= WORK ITEM =
Write each entry out once more, please, precisely as shown.

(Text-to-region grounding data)
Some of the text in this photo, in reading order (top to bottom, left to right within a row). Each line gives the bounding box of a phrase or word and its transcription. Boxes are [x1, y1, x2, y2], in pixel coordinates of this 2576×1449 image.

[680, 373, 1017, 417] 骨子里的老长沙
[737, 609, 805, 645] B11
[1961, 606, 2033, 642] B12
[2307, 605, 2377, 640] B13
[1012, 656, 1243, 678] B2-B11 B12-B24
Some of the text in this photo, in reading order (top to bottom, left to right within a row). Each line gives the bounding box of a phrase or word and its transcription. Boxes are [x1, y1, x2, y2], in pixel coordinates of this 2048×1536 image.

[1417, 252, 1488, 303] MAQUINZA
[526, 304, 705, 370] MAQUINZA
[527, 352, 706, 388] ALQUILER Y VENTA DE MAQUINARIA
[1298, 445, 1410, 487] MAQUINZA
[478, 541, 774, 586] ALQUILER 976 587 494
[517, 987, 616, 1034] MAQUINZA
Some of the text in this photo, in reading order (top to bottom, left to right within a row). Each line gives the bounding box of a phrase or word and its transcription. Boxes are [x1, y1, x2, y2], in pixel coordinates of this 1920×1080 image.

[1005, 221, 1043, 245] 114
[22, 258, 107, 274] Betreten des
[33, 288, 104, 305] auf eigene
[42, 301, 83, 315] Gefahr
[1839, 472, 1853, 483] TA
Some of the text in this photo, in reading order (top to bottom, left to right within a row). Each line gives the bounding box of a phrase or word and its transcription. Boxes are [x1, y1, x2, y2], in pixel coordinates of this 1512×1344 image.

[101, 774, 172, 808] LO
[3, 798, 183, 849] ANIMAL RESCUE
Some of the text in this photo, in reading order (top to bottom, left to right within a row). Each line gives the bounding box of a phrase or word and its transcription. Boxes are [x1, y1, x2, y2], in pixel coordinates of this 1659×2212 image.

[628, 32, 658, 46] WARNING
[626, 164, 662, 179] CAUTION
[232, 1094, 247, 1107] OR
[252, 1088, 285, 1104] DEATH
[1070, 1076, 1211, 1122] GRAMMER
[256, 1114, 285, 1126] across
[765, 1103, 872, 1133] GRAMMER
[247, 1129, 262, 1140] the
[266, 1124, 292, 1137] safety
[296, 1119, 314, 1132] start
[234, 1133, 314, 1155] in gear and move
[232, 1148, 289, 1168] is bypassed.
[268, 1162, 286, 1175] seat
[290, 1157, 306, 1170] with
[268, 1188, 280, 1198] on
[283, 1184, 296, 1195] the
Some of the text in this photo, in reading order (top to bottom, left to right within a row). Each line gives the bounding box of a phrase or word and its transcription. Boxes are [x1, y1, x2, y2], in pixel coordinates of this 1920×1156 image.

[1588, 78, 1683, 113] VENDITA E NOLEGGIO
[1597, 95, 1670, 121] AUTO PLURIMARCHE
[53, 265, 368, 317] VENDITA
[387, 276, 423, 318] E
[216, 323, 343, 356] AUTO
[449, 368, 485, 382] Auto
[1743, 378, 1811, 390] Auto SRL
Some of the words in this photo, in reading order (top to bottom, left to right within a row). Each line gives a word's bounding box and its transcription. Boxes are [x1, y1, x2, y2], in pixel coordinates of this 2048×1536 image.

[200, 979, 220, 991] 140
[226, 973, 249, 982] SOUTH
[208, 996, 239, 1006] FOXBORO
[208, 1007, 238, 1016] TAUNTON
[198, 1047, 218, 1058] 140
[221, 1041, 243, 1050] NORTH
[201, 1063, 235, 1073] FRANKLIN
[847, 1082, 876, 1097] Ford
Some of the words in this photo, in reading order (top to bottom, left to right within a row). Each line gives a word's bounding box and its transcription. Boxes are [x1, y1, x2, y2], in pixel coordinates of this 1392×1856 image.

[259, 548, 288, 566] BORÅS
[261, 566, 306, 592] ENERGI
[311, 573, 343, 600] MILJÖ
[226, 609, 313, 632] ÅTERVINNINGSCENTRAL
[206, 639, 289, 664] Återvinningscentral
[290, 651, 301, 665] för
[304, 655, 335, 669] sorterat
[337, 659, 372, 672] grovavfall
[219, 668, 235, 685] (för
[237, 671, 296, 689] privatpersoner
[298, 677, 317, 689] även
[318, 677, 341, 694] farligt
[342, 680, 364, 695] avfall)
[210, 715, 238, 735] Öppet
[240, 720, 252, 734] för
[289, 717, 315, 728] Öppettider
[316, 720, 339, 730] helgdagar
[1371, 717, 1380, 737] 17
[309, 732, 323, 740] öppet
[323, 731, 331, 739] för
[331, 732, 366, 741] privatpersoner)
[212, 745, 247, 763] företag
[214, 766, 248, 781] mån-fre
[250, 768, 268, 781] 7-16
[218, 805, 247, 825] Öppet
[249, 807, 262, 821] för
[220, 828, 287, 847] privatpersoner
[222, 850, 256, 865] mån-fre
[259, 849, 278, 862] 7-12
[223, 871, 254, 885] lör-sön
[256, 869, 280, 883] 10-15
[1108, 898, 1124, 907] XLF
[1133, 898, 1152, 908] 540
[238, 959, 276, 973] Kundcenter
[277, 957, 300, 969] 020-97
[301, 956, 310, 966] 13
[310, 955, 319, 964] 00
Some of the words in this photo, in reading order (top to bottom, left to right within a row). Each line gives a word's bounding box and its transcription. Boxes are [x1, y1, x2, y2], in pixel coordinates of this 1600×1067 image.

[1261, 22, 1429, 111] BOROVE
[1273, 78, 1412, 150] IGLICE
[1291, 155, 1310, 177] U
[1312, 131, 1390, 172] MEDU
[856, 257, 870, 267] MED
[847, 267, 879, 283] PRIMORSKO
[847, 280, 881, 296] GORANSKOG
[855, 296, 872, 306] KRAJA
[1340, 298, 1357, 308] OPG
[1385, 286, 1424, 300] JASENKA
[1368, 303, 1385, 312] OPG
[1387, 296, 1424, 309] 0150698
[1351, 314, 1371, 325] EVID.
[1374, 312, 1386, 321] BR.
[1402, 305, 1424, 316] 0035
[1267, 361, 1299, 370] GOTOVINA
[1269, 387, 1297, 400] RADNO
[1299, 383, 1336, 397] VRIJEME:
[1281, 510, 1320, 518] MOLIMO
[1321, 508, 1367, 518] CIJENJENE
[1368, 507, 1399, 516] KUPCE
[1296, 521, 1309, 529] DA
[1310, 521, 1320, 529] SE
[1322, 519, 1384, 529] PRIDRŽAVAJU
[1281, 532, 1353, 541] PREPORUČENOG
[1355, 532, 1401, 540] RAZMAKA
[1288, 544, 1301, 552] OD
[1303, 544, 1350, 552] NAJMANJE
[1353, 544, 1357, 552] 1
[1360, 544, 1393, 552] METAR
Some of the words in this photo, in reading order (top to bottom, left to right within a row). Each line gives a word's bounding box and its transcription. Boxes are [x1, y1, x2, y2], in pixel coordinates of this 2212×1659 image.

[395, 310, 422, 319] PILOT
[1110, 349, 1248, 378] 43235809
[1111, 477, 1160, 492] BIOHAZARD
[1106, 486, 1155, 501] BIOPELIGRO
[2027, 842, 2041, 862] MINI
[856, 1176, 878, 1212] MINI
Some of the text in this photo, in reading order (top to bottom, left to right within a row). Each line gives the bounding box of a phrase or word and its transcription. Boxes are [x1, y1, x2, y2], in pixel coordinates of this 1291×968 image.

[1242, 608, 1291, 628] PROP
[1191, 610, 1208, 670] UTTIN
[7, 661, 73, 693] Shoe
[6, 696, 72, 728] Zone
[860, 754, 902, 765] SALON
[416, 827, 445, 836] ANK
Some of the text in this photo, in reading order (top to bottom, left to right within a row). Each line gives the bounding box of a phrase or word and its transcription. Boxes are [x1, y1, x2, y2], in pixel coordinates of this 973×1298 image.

= OUTPUT =
Some of the text in this photo, in reading order (top to bottom, left to right within a row). Each line gives the bounding box of a phrase or word and its transcription. Boxes are [x1, y1, x2, y2], in pixel coordinates of this 2576×1449 image.

[680, 373, 1017, 417] 骨子里的老长沙
[737, 609, 805, 645] B11
[1961, 606, 2033, 642] B12
[2307, 605, 2377, 640] B13
[1012, 656, 1243, 678] B2-B11 B12-B24
Some of the text in this photo, in reading order (top to bottom, left to right within a row). Each line gives the bounding box of a phrase or word and its transcription. Boxes are [x1, y1, x2, y2], in pixel coordinates of this 2048×1536 image.

[1417, 252, 1488, 303] MAQUINZA
[526, 304, 705, 370] MAQUINZA
[527, 352, 706, 388] ALQUILER Y VENTA DE MAQUINARIA
[1298, 445, 1410, 487] MAQUINZA
[478, 541, 774, 586] ALQUILER 976 587 494
[517, 987, 616, 1034] MAQUINZA
Some of the text in this photo, in reading order (top to bottom, left to right within a row). Each line gives the bounding box of a phrase or word and its transcription. Boxes are [x1, y1, x2, y2], in pixel coordinates of this 1920×1080 image.

[1005, 221, 1043, 245] 114
[22, 258, 107, 274] Betreten des
[33, 288, 104, 305] auf eigene
[42, 301, 83, 315] Gefahr
[1839, 472, 1853, 483] TA
Some of the text in this photo, in reading order (top to bottom, left to right within a row). Each line gives the bounding box of a phrase or word and its transcription. Boxes are [x1, y1, x2, y2], in pixel coordinates of this 1512×1344 image.

[101, 774, 172, 808] LO
[3, 798, 183, 849] ANIMAL RESCUE
Some of the text in this photo, in reading order (top to bottom, left to right within a row). Each line gives the bounding box of a phrase or word and its transcription. Boxes are [x1, y1, x2, y2], in pixel coordinates of this 1659×2212 image.

[628, 32, 658, 46] WARNING
[626, 164, 662, 179] CAUTION
[232, 1094, 247, 1107] OR
[252, 1088, 285, 1104] DEATH
[1070, 1076, 1211, 1122] GRAMMER
[256, 1114, 285, 1126] across
[765, 1103, 872, 1133] GRAMMER
[247, 1129, 262, 1140] the
[266, 1124, 292, 1137] safety
[296, 1119, 314, 1132] start
[234, 1133, 314, 1155] in gear and move
[232, 1148, 289, 1168] is bypassed.
[268, 1162, 286, 1175] seat
[290, 1157, 306, 1170] with
[268, 1188, 280, 1198] on
[283, 1184, 296, 1195] the
Some of the text in this photo, in reading order (top to bottom, left to right within a row). Each line gives the bounding box of a phrase or word and its transcription. Boxes are [x1, y1, x2, y2], in pixel coordinates of this 1920×1156 image.

[1588, 78, 1683, 113] VENDITA E NOLEGGIO
[1597, 95, 1670, 121] AUTO PLURIMARCHE
[53, 265, 368, 317] VENDITA
[387, 276, 423, 318] E
[216, 323, 343, 356] AUTO
[449, 368, 485, 382] Auto
[1743, 378, 1811, 390] Auto SRL
Some of the words in this photo, in reading order (top to bottom, left to right within a row). Each line gives a word's bounding box and its transcription. Boxes are [x1, y1, x2, y2], in pixel coordinates of this 2048×1536 image.

[200, 979, 220, 991] 140
[226, 973, 249, 982] SOUTH
[208, 996, 239, 1006] FOXBORO
[208, 1007, 238, 1016] TAUNTON
[198, 1047, 218, 1058] 140
[221, 1041, 243, 1050] NORTH
[201, 1063, 235, 1073] FRANKLIN
[847, 1082, 876, 1097] Ford
Some of the words in this photo, in reading order (top to bottom, left to right within a row). Each line gives a word's bounding box and its transcription. Boxes are [x1, y1, x2, y2], in pixel coordinates of this 1392×1856 image.

[259, 548, 288, 566] BORÅS
[261, 566, 306, 592] ENERGI
[311, 573, 343, 600] MILJÖ
[226, 609, 313, 632] ÅTERVINNINGSCENTRAL
[206, 639, 289, 664] Återvinningscentral
[290, 651, 301, 665] för
[304, 655, 335, 669] sorterat
[337, 659, 372, 672] grovavfall
[219, 668, 235, 685] (för
[237, 671, 296, 689] privatpersoner
[298, 677, 317, 689] även
[318, 677, 341, 694] farligt
[342, 680, 364, 695] avfall)
[210, 715, 238, 735] Öppet
[240, 720, 252, 734] för
[289, 717, 315, 728] Öppettider
[316, 720, 339, 730] helgdagar
[1371, 717, 1380, 737] 17
[309, 732, 323, 740] öppet
[323, 731, 331, 739] för
[331, 732, 366, 741] privatpersoner)
[212, 745, 247, 763] företag
[214, 766, 248, 781] mån-fre
[250, 768, 268, 781] 7-16
[218, 805, 247, 825] Öppet
[249, 807, 262, 821] för
[220, 828, 287, 847] privatpersoner
[222, 850, 256, 865] mån-fre
[259, 849, 278, 862] 7-12
[223, 871, 254, 885] lör-sön
[256, 869, 280, 883] 10-15
[1108, 898, 1124, 907] XLF
[1133, 898, 1152, 908] 540
[238, 959, 276, 973] Kundcenter
[277, 957, 300, 969] 020-97
[301, 956, 310, 966] 13
[310, 955, 319, 964] 00
Some of the words in this photo, in reading order (top to bottom, left to right within a row). Each line gives a word's bounding box and its transcription. Boxes are [x1, y1, x2, y2], in pixel coordinates of this 1600×1067 image.

[1261, 22, 1429, 111] BOROVE
[1273, 78, 1412, 150] IGLICE
[1291, 155, 1310, 177] U
[1312, 131, 1390, 172] MEDU
[856, 257, 870, 267] MED
[847, 267, 879, 283] PRIMORSKO
[847, 280, 881, 296] GORANSKOG
[855, 296, 872, 306] KRAJA
[1340, 298, 1357, 308] OPG
[1385, 286, 1424, 300] JASENKA
[1368, 303, 1385, 312] OPG
[1387, 296, 1424, 309] 0150698
[1351, 314, 1371, 325] EVID.
[1374, 312, 1386, 321] BR.
[1402, 305, 1424, 316] 0035
[1267, 361, 1299, 370] GOTOVINA
[1269, 387, 1297, 400] RADNO
[1299, 383, 1336, 397] VRIJEME:
[1281, 510, 1320, 518] MOLIMO
[1321, 508, 1367, 518] CIJENJENE
[1368, 507, 1399, 516] KUPCE
[1296, 521, 1309, 529] DA
[1310, 521, 1320, 529] SE
[1322, 519, 1384, 529] PRIDRŽAVAJU
[1281, 532, 1353, 541] PREPORUČENOG
[1355, 532, 1401, 540] RAZMAKA
[1288, 544, 1301, 552] OD
[1303, 544, 1350, 552] NAJMANJE
[1353, 544, 1357, 552] 1
[1360, 544, 1393, 552] METAR
Some of the words in this photo, in reading order (top to bottom, left to right within a row). Each line gives a word's bounding box and its transcription. Boxes are [x1, y1, x2, y2], in pixel coordinates of this 2212×1659 image.

[395, 310, 422, 319] PILOT
[1110, 349, 1248, 378] 43235809
[1111, 477, 1160, 492] BIOHAZARD
[1106, 486, 1155, 501] BIOPELIGRO
[2027, 842, 2041, 862] MINI
[856, 1176, 878, 1212] MINI
Some of the text in this photo, in reading order (top to bottom, left to right within a row). Each line gives the bounding box of a phrase or word and its transcription. Boxes are [x1, y1, x2, y2], in pixel coordinates of this 1291×968 image.

[1242, 608, 1291, 628] PROP
[1191, 610, 1208, 670] UTTIN
[7, 661, 73, 693] Shoe
[6, 696, 72, 728] Zone
[860, 754, 902, 765] SALON
[416, 827, 445, 836] ANK
Some of the text in this photo, in reading order (top to bottom, left to right within a row). Each line gives the bounding box of a phrase or word and its transcription. Boxes are [x1, y1, x2, y2], in pixel coordinates of this 973×1298 image.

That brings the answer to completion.